◆ EXERCISE OBJECTIVE:
Before copying, set the pictures aside; then repeat every line below verbatim.

##### EXCERPTED DATA

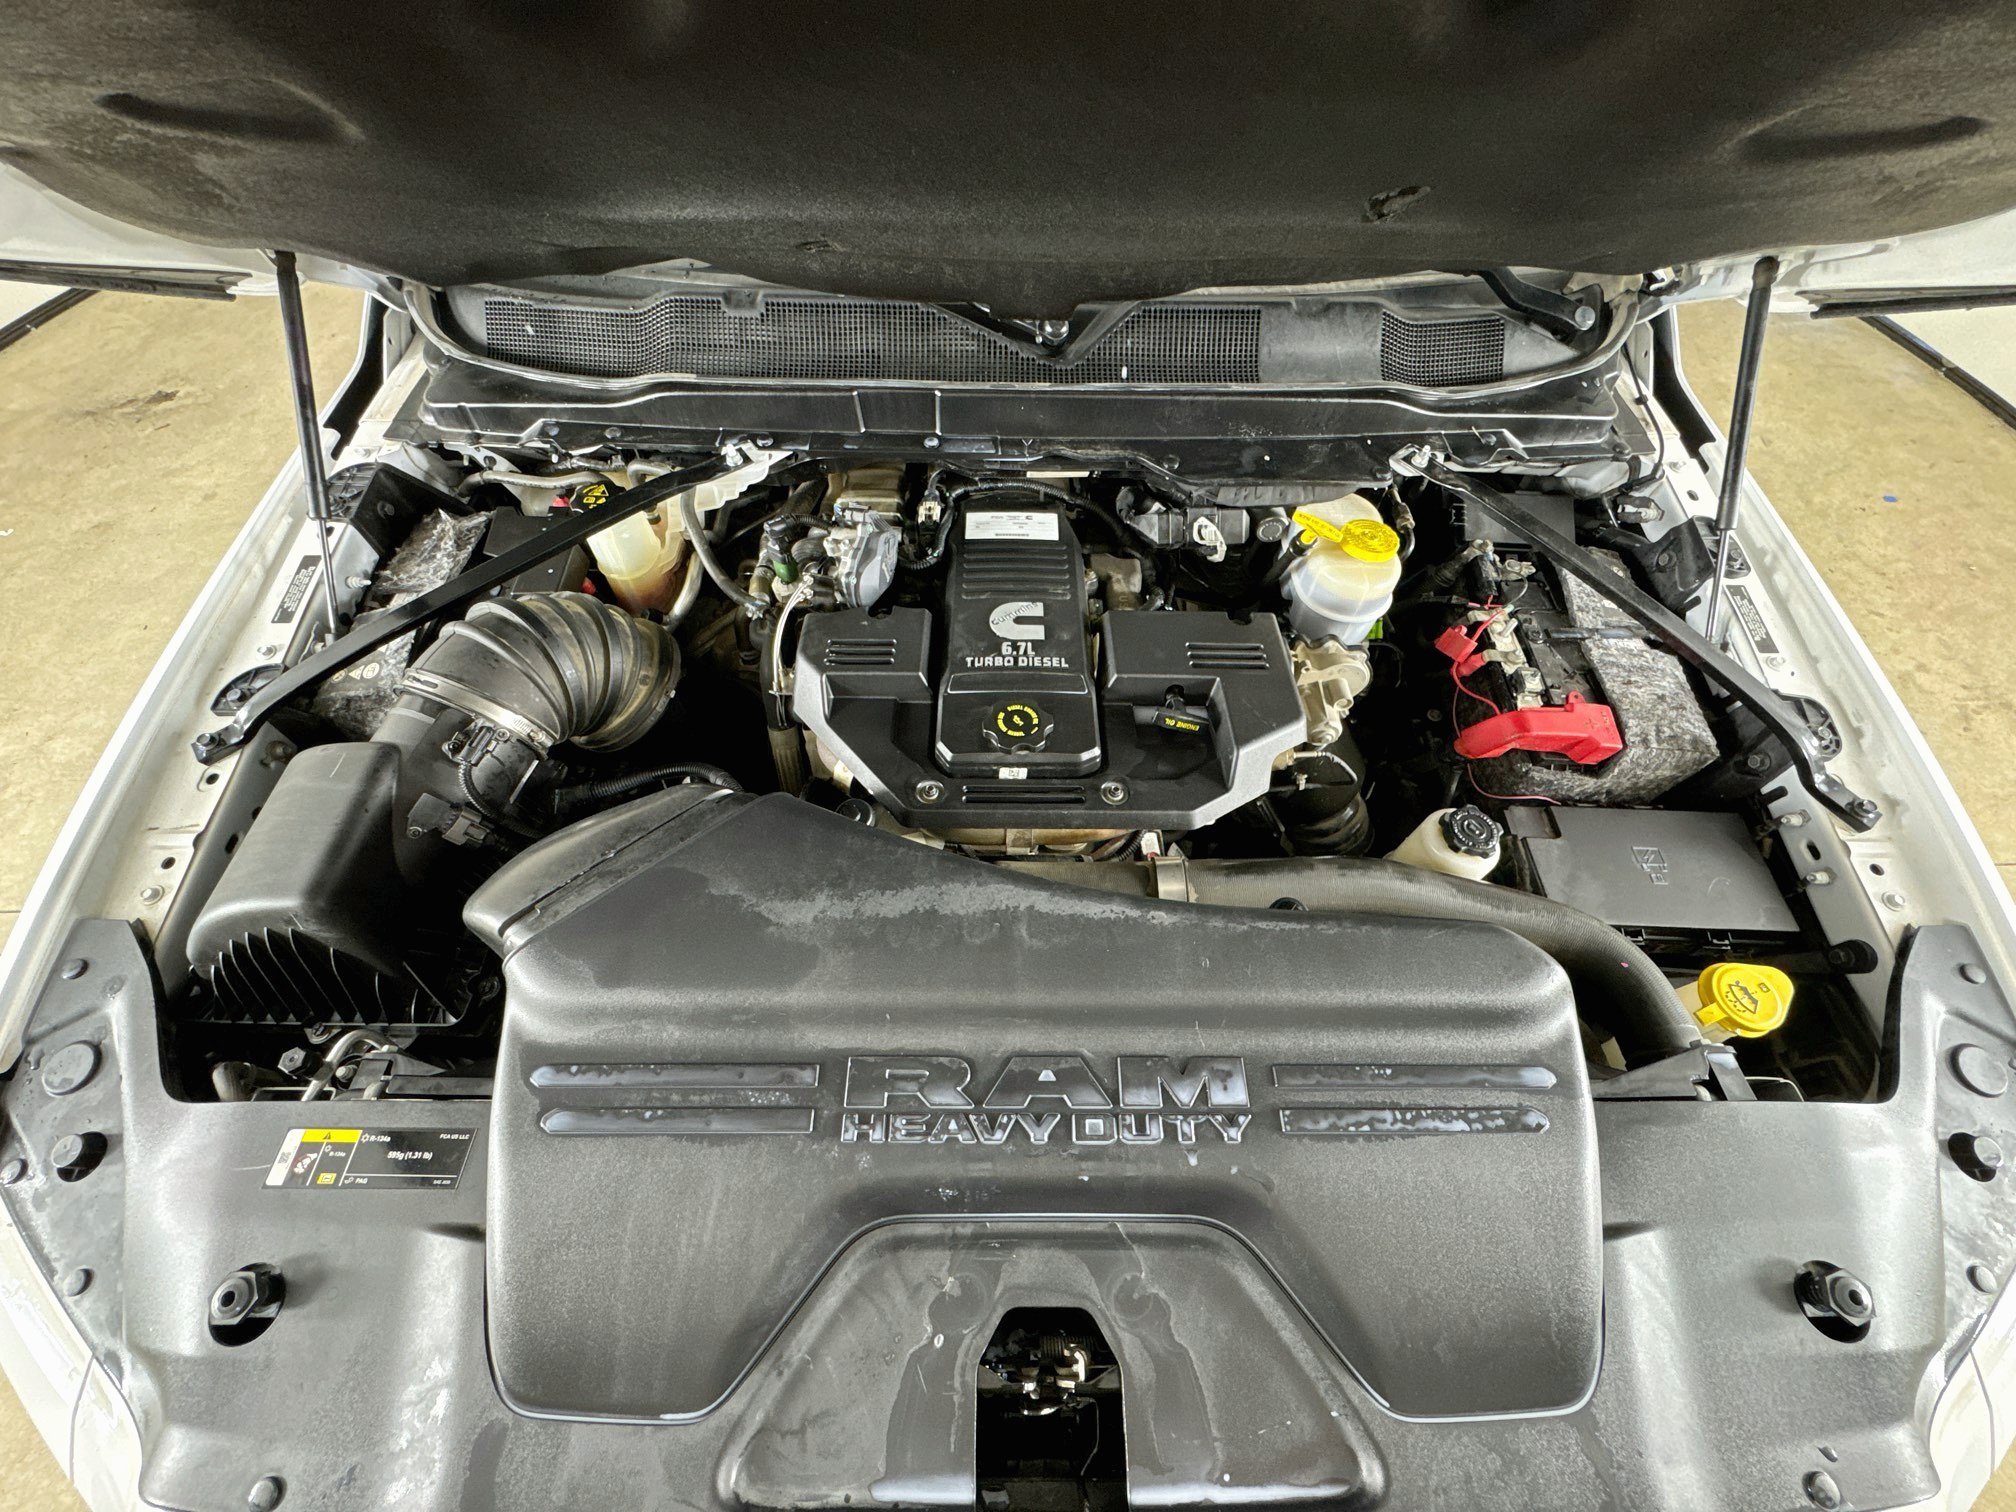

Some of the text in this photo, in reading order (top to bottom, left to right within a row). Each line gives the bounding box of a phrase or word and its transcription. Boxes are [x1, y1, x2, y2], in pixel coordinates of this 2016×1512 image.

[1001, 641, 1036, 656] 6.7L
[965, 656, 1069, 668] TURBO DIESEL
[843, 1055, 1251, 1109] RAM
[840, 1112, 1252, 1144] HEAVY DUTY
[369, 1134, 391, 1142] R-134a
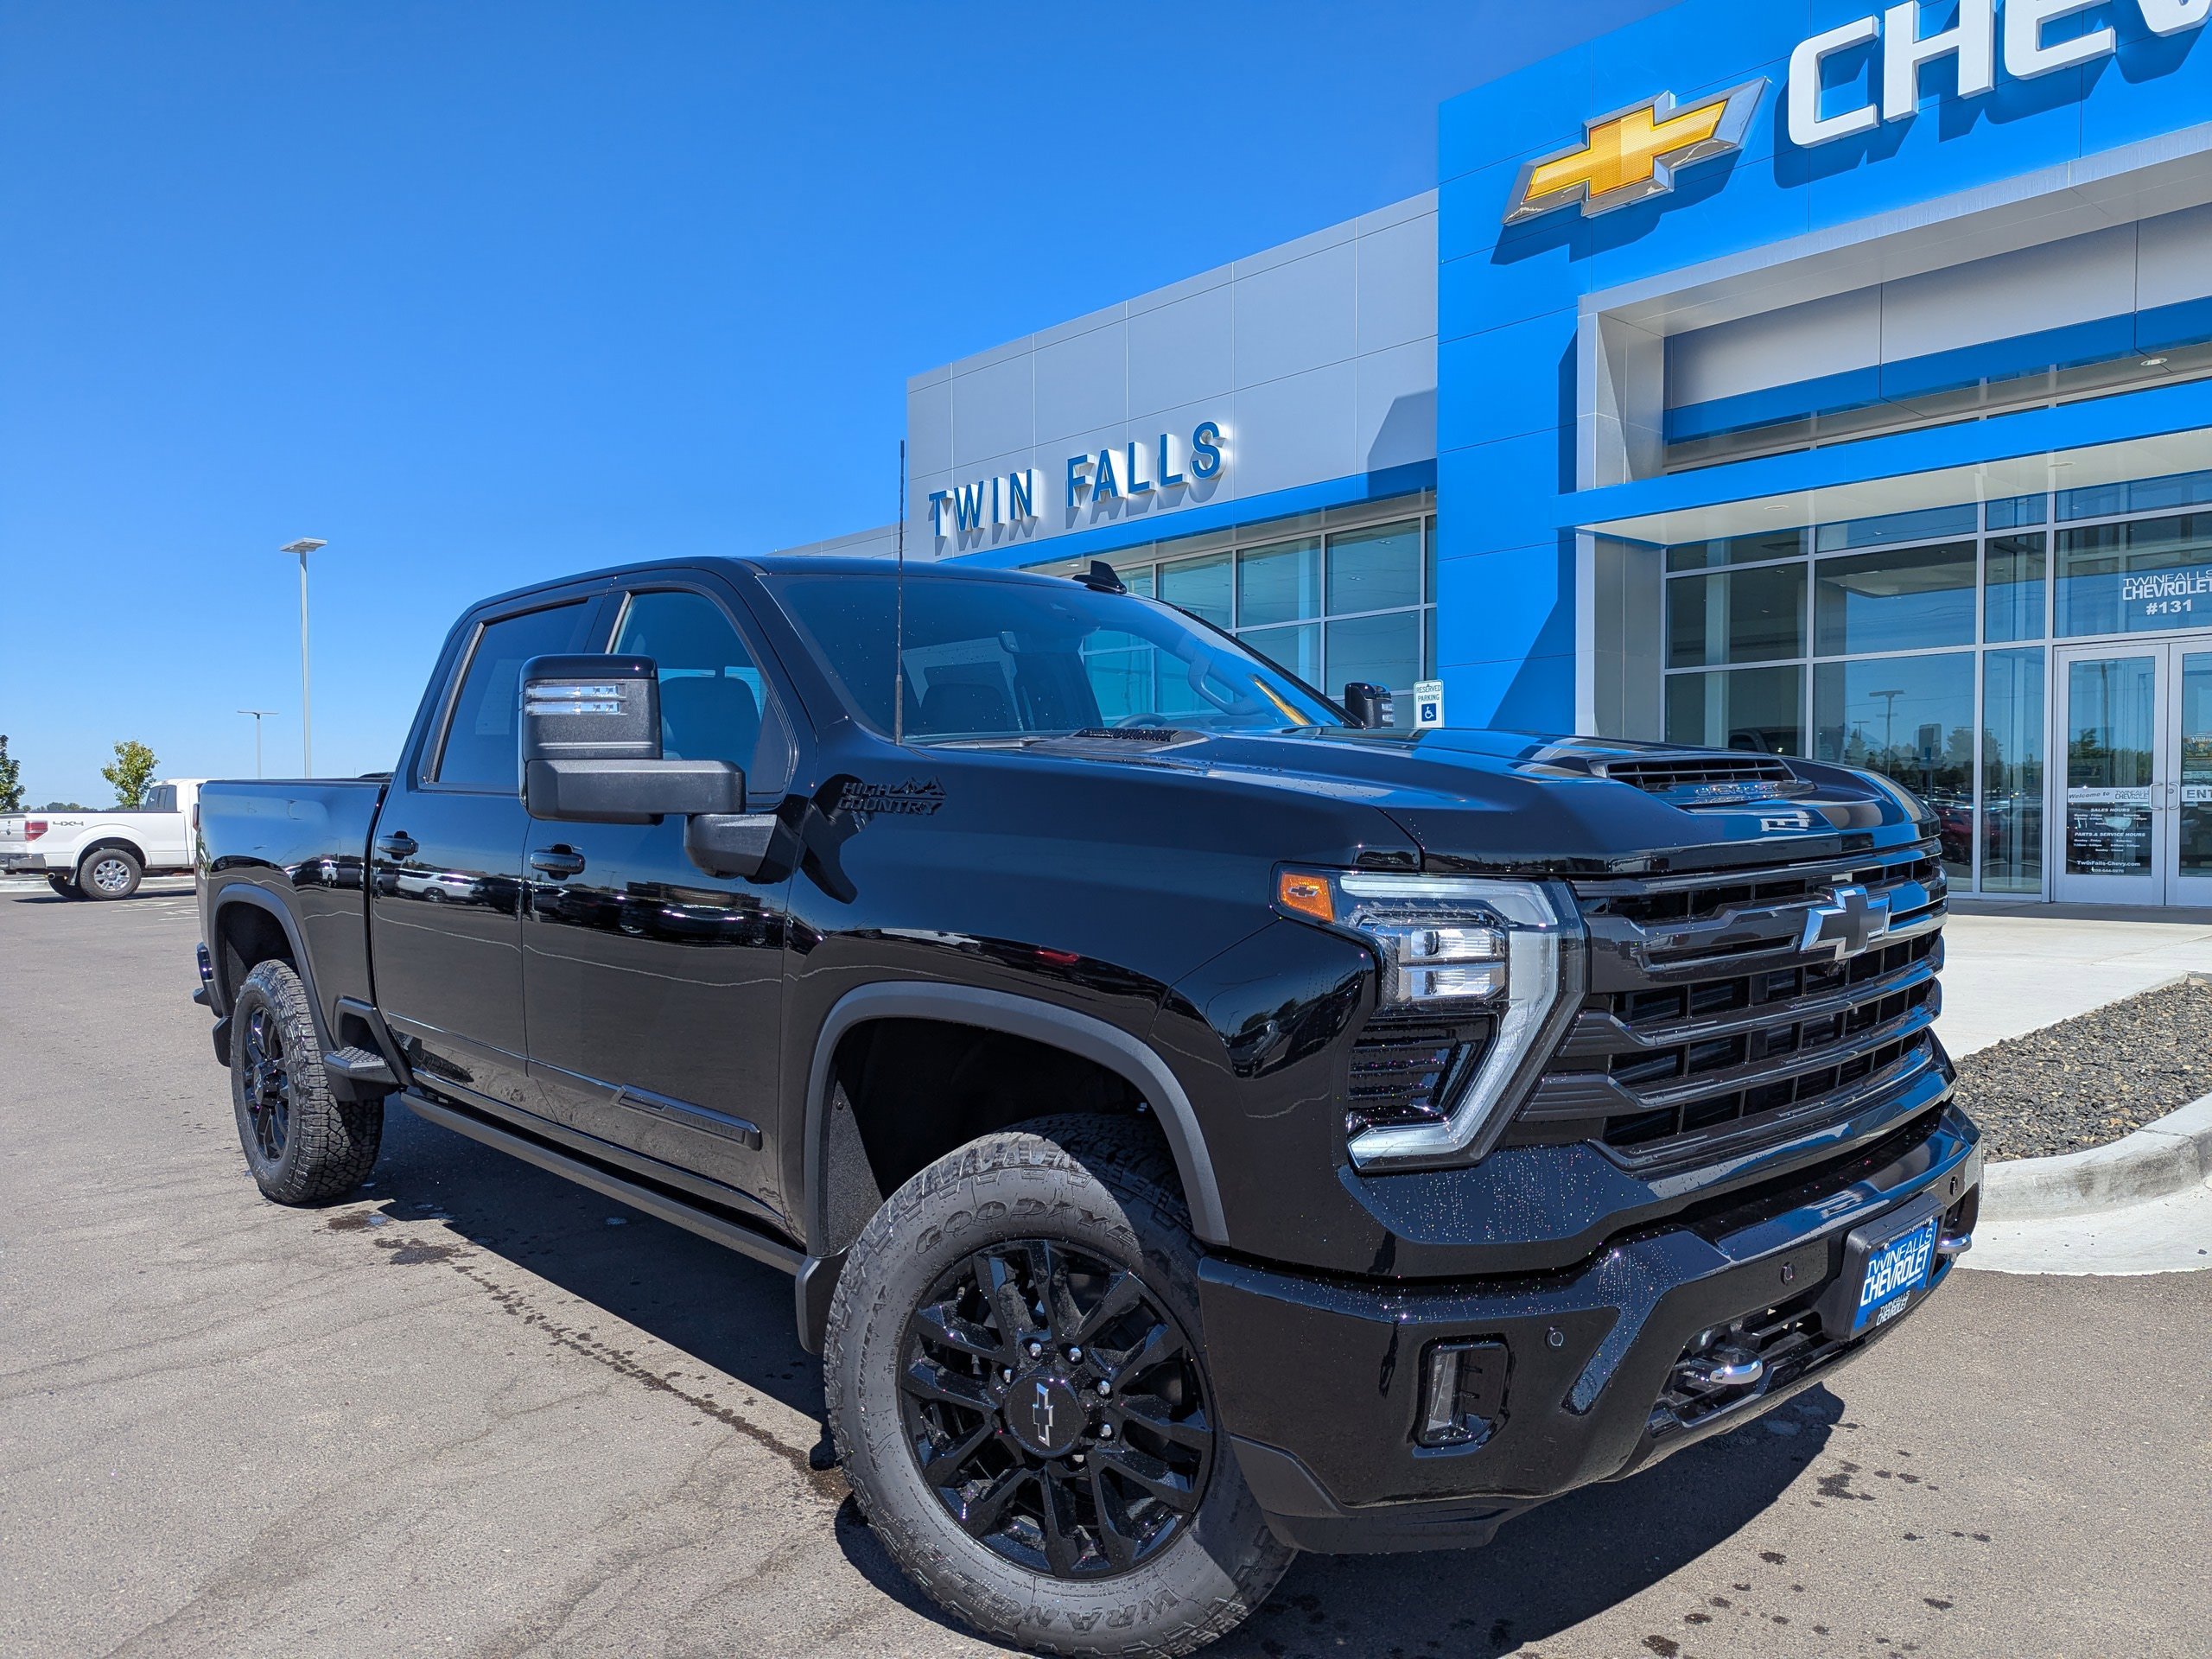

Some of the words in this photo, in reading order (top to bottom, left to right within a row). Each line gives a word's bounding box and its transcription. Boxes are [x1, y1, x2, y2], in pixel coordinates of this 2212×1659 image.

##########

◆ ANSWER SECTION:
Some of the text in this photo, in reading order (top to bottom, left to right within a row). Each line gives the bounding box of a phrase or word and its transcription. Boxes are [x1, y1, x2, y2], in pixel coordinates of this 2016×1512 image.

[1001, 641, 1036, 656] 6.7L
[965, 656, 1069, 668] TURBO DIESEL
[843, 1055, 1251, 1109] RAM
[840, 1112, 1252, 1144] HEAVY DUTY
[369, 1134, 391, 1142] R-134a

Some of the words in this photo, in reading order (top to bottom, left to right within a row). Each line gives a word's bounding box and its transcription. Boxes are [x1, y1, x2, y2], in pixel coordinates of this 2212×1659 image.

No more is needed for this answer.